The minimum amount of contribution to be made by the employer is set at a rate of 12% of Rs. 15,000 (although they can voluntarily contribute more). This amount equals Rs. 1,800 per month. It means that both the employer, as well as the employee, have to contribute Rs. 1,800 each per month towards this scheme.
Organize your money
You have to separate your money into purpose. One way is to have three bank accounts: 1. Salary/Income Account 2. Spending Account 3. Investing Account
When Salary comes into the Income Account, you fix an E-mandate that moves 30% of your salary to the investing account and the rest to the spending account. A very good rule is 50-20-30. Use 50% for daily needs, 20% for personal needs, and 30% for investments.
Emergency Fund
You calculate your monthly expenses, which include everything: bills, EMIs, food, rent, children's school fees, etc. Multiply it by a factor of 6-24, depending on your age and responsibilities, and put it in a safe place!!
What is a safe place?
However, there are multiple ways to do this. The best way is to create an FD or multiple FDs in a sizeable institutionalized bank like SBI, HDFC, or ICICI. There are other instruments as well where we can park money safely. We will discuss them as we move forward.
Insurance
Insurance is an instrument where you pay a small fee to get a large sum of money/support in an emergency. You need to have two types of insurance:
Term Insurance
Take your yearly income. Multiply it by 15 or 20 and take a term plan. It should not have any other clauses. Just that at your untimely death. Your family will get 15 to 20 times of your annual income. The Premium increases as you age. So, the earlier you get it, the better it is. The premium is also meager, around 10-15k Rs for 25-year-old people. Also, as your premium gets fixed, it will get cheaper due to inflation.
Health Insurance
Points to note when buying health cover:
Ensure you have a policy that does not have a ‘co-pay’ clause. Co-pay: You agree to settle some percentage of the hospital bill from your own money and the rest will be paid by insurance claim
Check for a ‘pre-existing’ disease clause: Some insurance may refuse to grant claims for pre-existing diseases
Check if your policy has a ‘disease waiting period': After how much time one can put a claim for pre-existing diseases
Check if your policy has ‘sub-limits': Because hospitals have become hotels that give VIP rooms for 15,000 a day. An insurance may say that they will not allow any claims of more than 4000 Rs a day with a co-sharing room.

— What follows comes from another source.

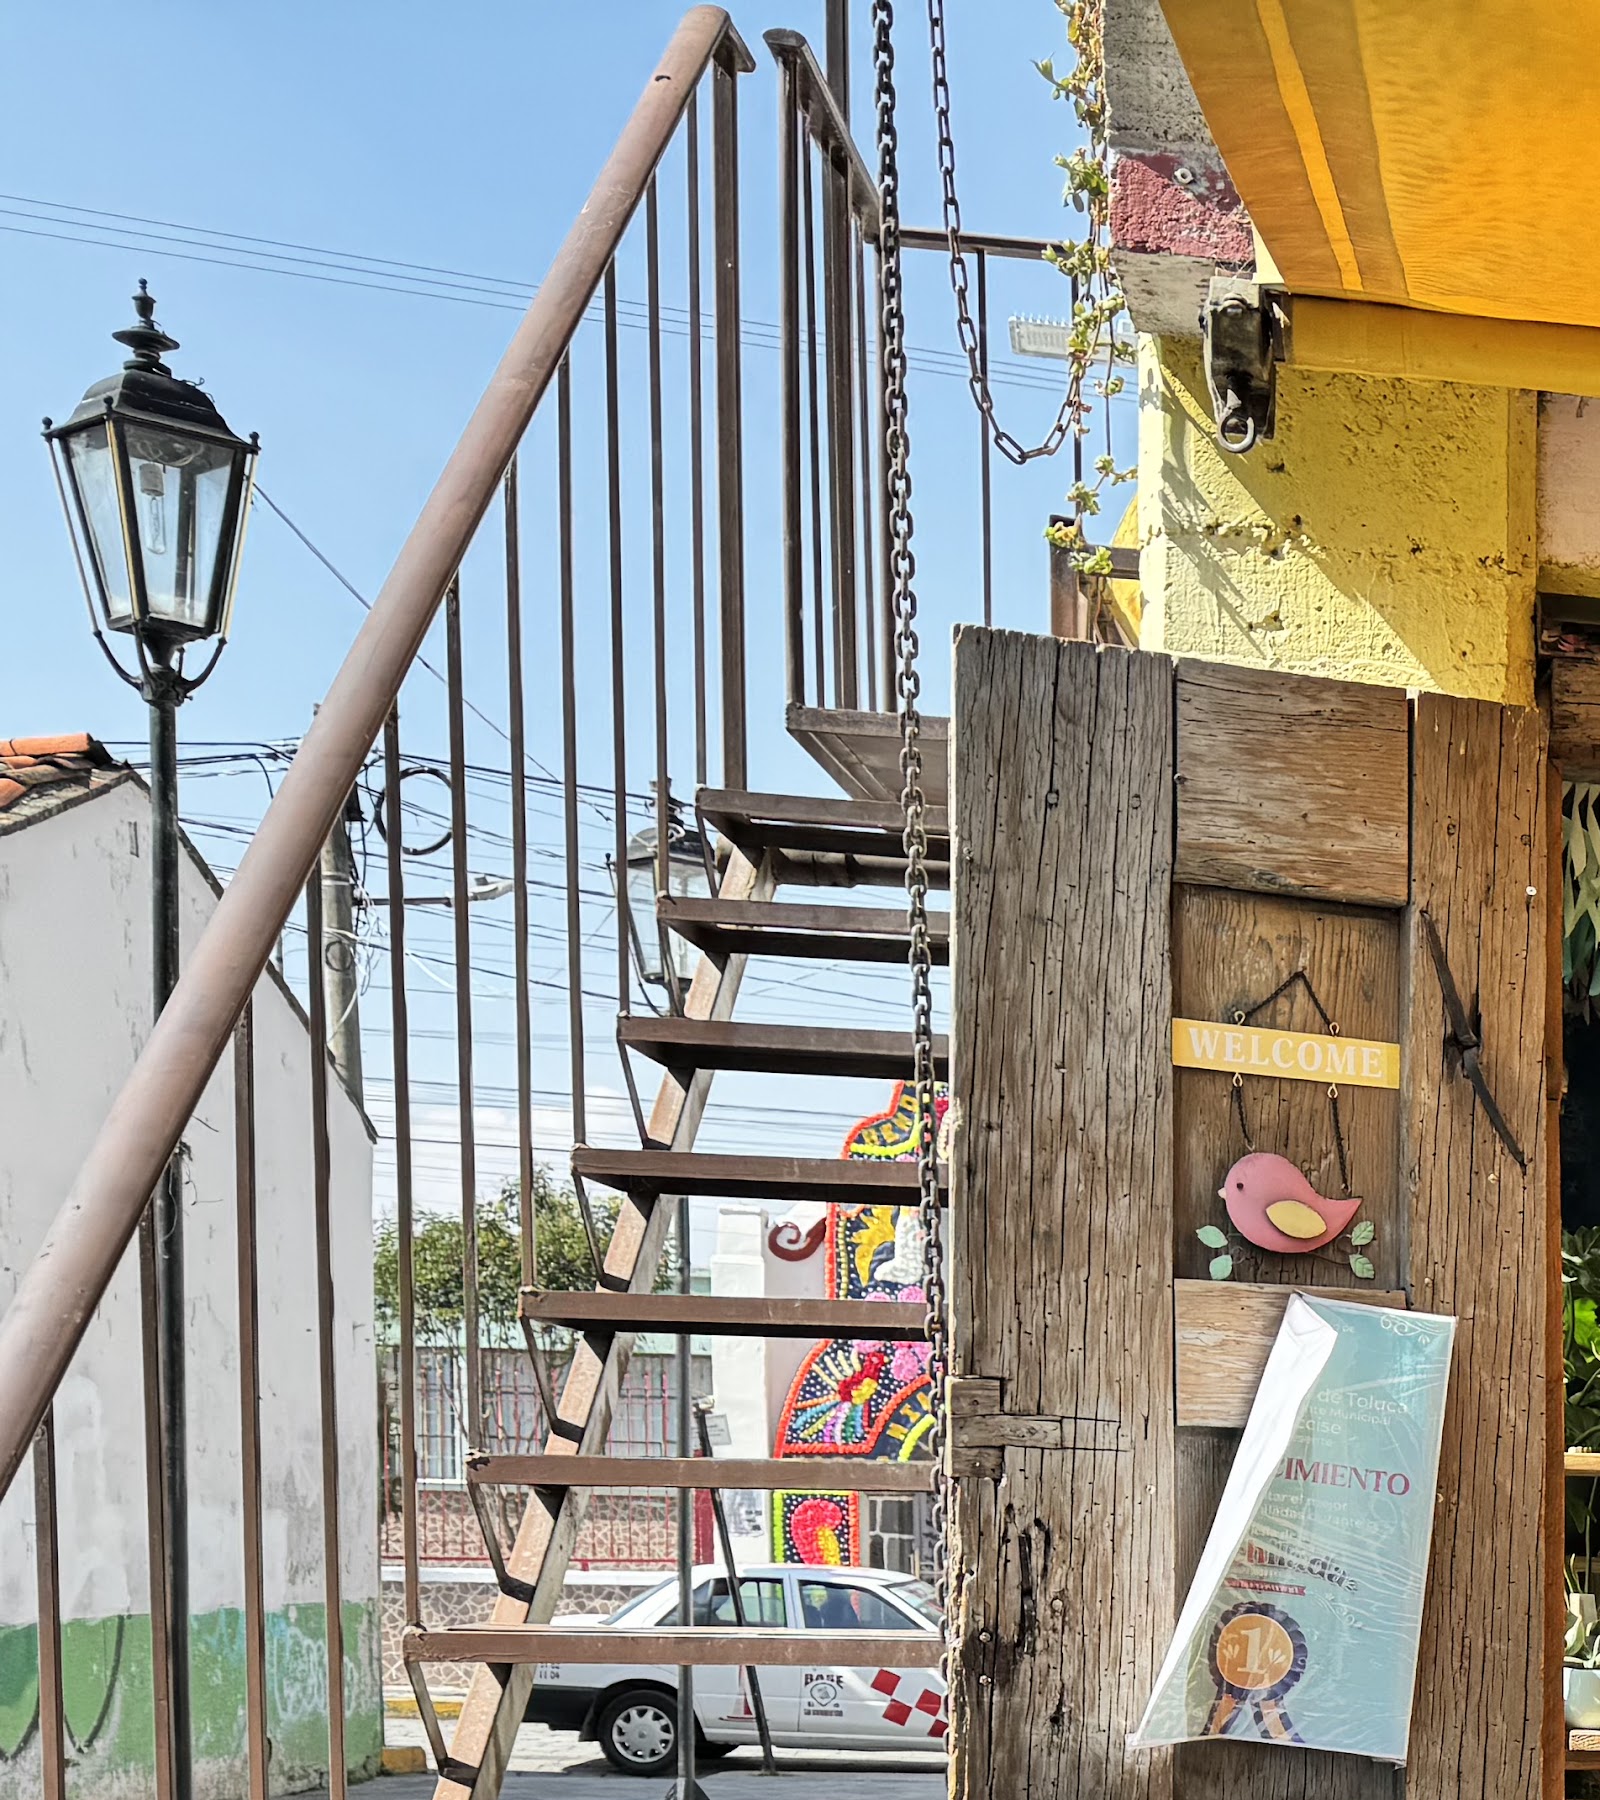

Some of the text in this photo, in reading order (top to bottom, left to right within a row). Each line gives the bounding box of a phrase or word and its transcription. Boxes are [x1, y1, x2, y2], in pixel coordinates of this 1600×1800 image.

Check for exclusion: Some policies may exclude pregnancy-related ailments, cancer treatment, etc.
Ask how much of the costs before and after hospitalization the policy will cover: You may need physiotherapy after bone fracture care. Will your insurance cover that or not?
Ask for a list of ‘day-care’ procedures that don’t need you to stay for twenty-four hours in a hospital anymore: Certain procedures have same-day discharge, but doctors ask to stay at the hospital for a day because you can't claim insurance on single-day procedures.
Look at the ‘no-claims bonus’ feature: Some insurance increases cover if you don't claim insurance for like 12 months.
How many claims does the company settle?
Look at the claim-complaints data for a policy with less than thirty complaints on every 10,000 claims made.